An unbiased coin is flipped twice. What is the probability that they are both heads, given one of them was a head?

this eliminates only TT, so would the probability be 1/3 ?

 

[arildno]

Careful now!
Wouldn't you say that your answer is the answer to the question:
"An unbiased coin is flipped twice. What is the probability that they are both heads, given that AT LEAST one of them was a head?"

 

[seiferseph]

Careful now!
Wouldn't you say that your answer is the answer to the question:
"An unbiased coin is flipped twice. What is the probability that they are both heads, given that AT LEAST one of them was a head?"

yeah, then what is the answer to
An unbiased coin is flipped twice. What is the probability that they are both heads, given one of them was a head?

what is the difference?

 

[arildno]

Erm, that was stupid of me. You were right..

 

[seiferseph]

Erm, that was stupid of me. You were right..

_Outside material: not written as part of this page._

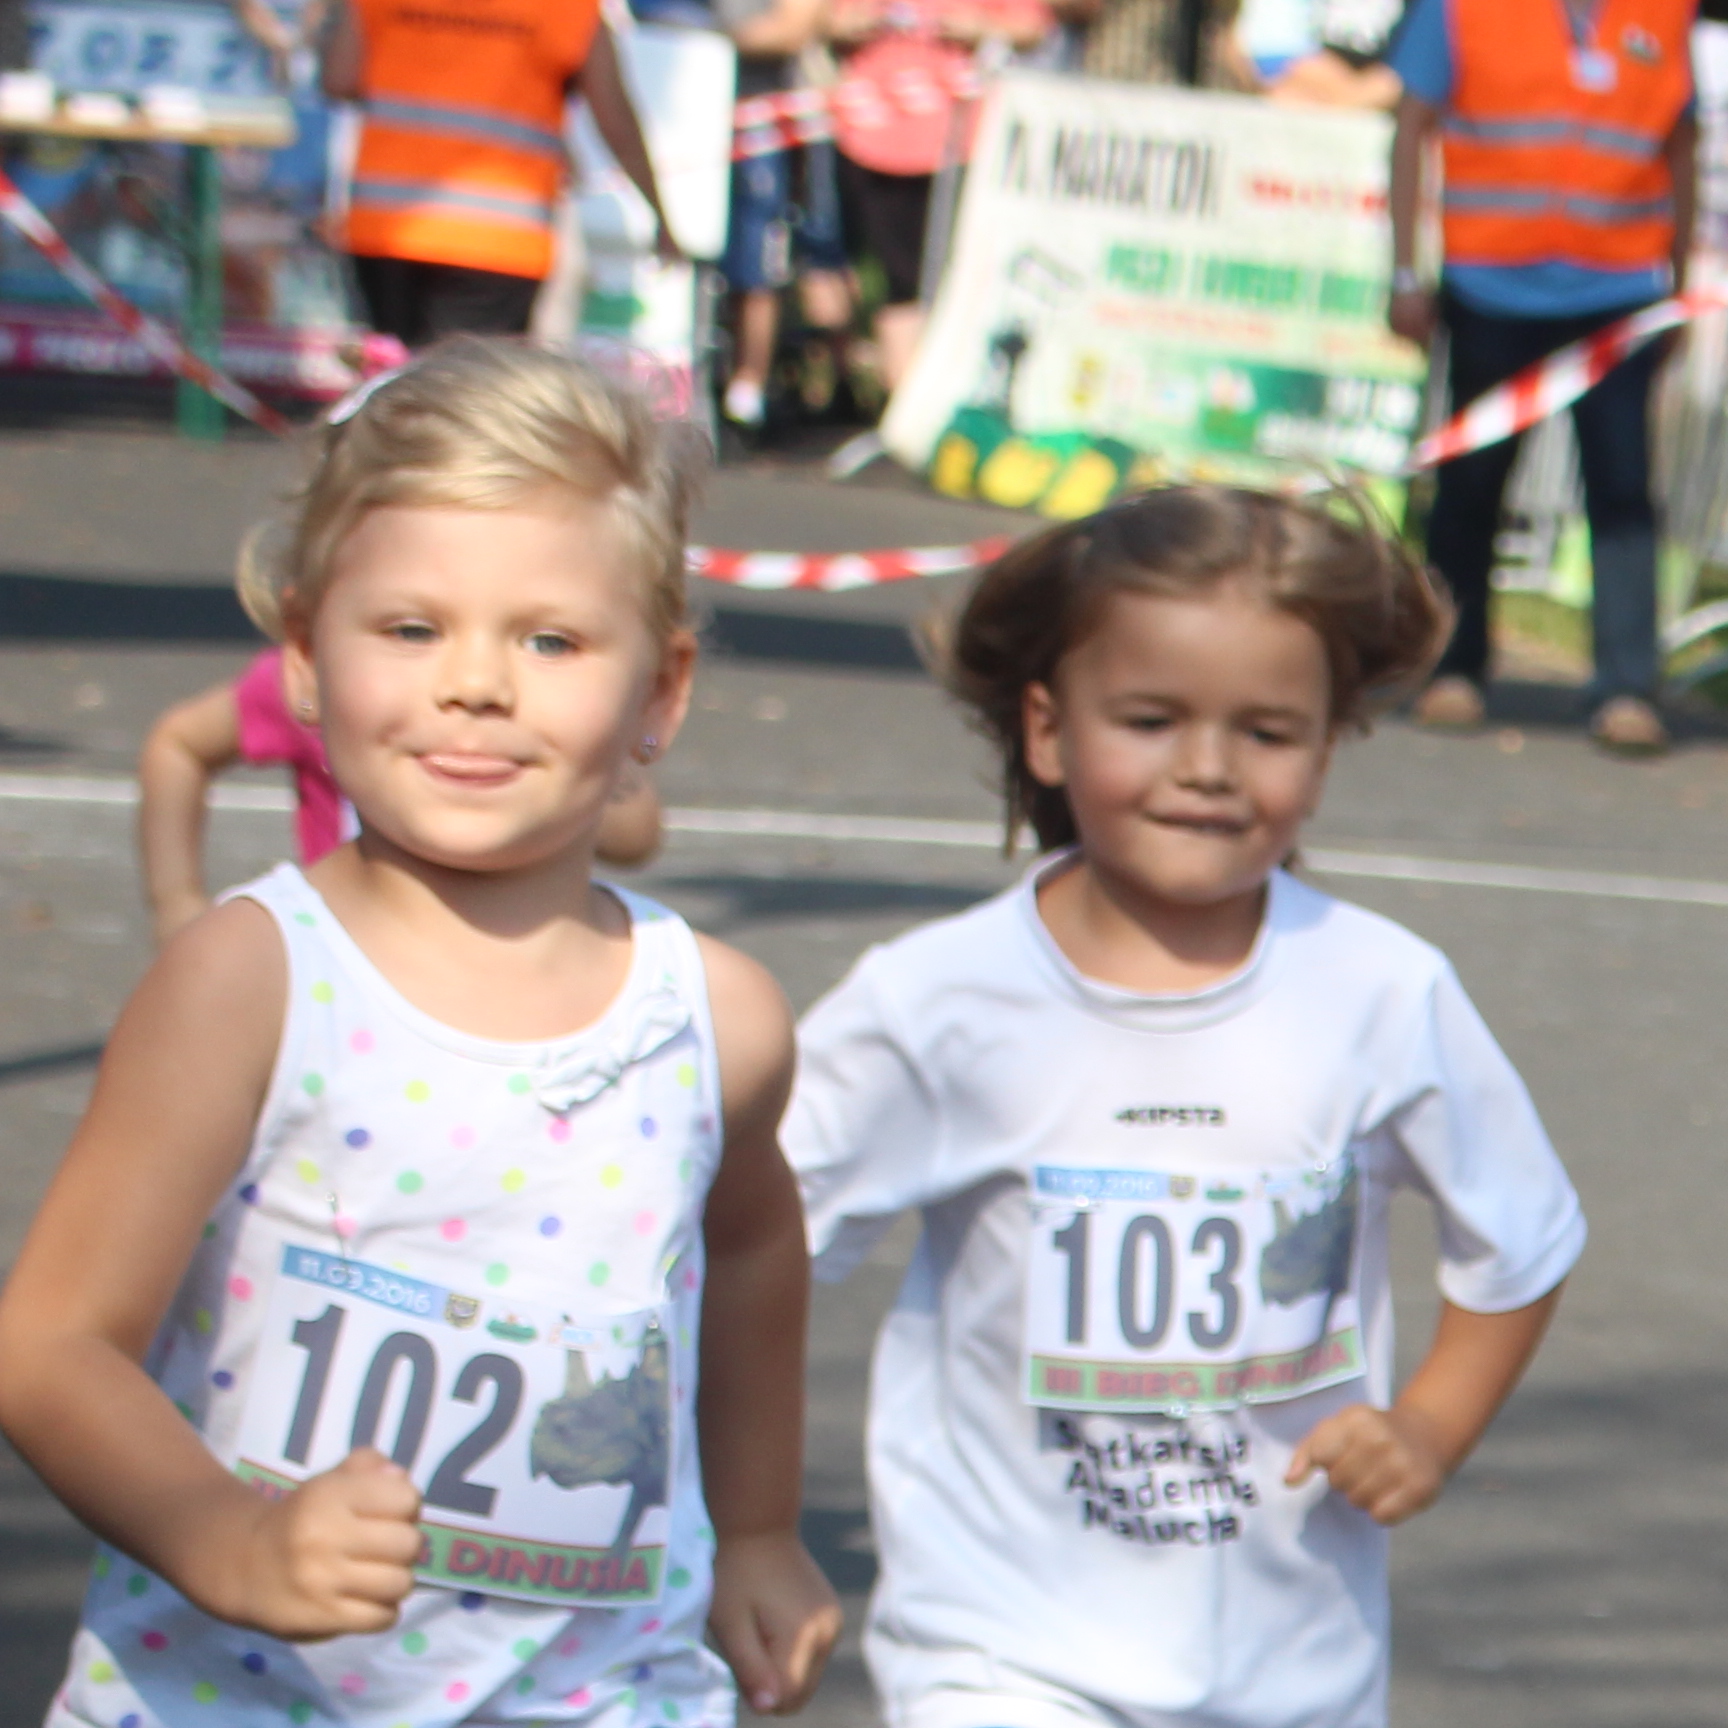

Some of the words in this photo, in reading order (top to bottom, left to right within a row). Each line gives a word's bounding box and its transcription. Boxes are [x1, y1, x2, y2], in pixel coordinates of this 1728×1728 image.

[1053, 1211, 1242, 1351] 103
[284, 1303, 526, 1519] 102
[446, 1538, 650, 1593] DINUSIA

actually you're right, i don't think what i posted was ever printed in a question. they all use "AT LEAST". thanks for the help

 

[honestrosewater]

I think arildno made a good point. Unless you specify "at least", "at most", or "exactly", I think it's customary to assume "exactly". Better safe than sorry :)

 

[AKG]

"exactly" would be a bad assumption. The question would then read, "what is the probability that there are two heads given that there is exactly one head?"

 

[arildno]

"exactly" would be a bad assumption. The question would then read, "what is the probability that there are two heads given that there is exactly one head?"

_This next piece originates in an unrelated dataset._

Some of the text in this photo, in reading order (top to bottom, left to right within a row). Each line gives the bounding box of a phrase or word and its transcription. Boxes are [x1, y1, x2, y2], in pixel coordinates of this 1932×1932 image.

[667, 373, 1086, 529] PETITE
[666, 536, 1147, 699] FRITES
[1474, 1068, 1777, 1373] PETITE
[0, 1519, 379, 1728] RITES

This is why I found my objection dumb.
It is a meaningful question whose answer should be 0, but that wasn't what I had in mind when I posted by dumb objection..

 

[honestrosewater]

"exactly" would be a bad assumption. The question would then read, "what is the probability that there are two heads given that there is exactly one head?"

Right, not really worth asking, but "at most" isn't so far-fetched. I was just saying it wasn't a dumb thing to point out (and I would imagine a rather automatic response in a mathematician or scientist) even if it's quite certain in this case what was meant. It's still better to not need to make an assumption.

 

[arildno]

Right, not really worth asking, but "at most" isn't so far-fetched. I was just saying it wasn't a dumb thing to point out (and I would imagine a rather automatic response in a mathematician or scientist) even if it's quite certain in this case what was meant. It's still better to not need to make an assumption.

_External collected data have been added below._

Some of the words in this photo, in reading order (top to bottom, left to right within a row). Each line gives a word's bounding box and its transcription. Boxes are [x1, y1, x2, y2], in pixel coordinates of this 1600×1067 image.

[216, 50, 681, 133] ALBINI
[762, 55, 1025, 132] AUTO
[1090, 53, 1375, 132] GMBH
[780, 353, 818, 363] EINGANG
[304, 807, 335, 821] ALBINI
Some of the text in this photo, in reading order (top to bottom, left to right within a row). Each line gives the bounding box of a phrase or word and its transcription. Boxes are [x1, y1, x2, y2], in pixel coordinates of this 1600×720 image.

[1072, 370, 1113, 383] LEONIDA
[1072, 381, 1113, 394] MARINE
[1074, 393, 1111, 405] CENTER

Agreed; it was more of an automatic response from ingrained habit than the result of deep thinking; but perhaps it is best to develop some such habits after all..

 

[honestrosewater]

Actually, AKG's right, I should have said it's customary to assume "exactly" unless the context suggests otherwise. Just think of how many times you mean "exactly" but don't state it compared to how many times you mean "at least" or "at most" but don't state it. But okay, I'll shut up about it now. :)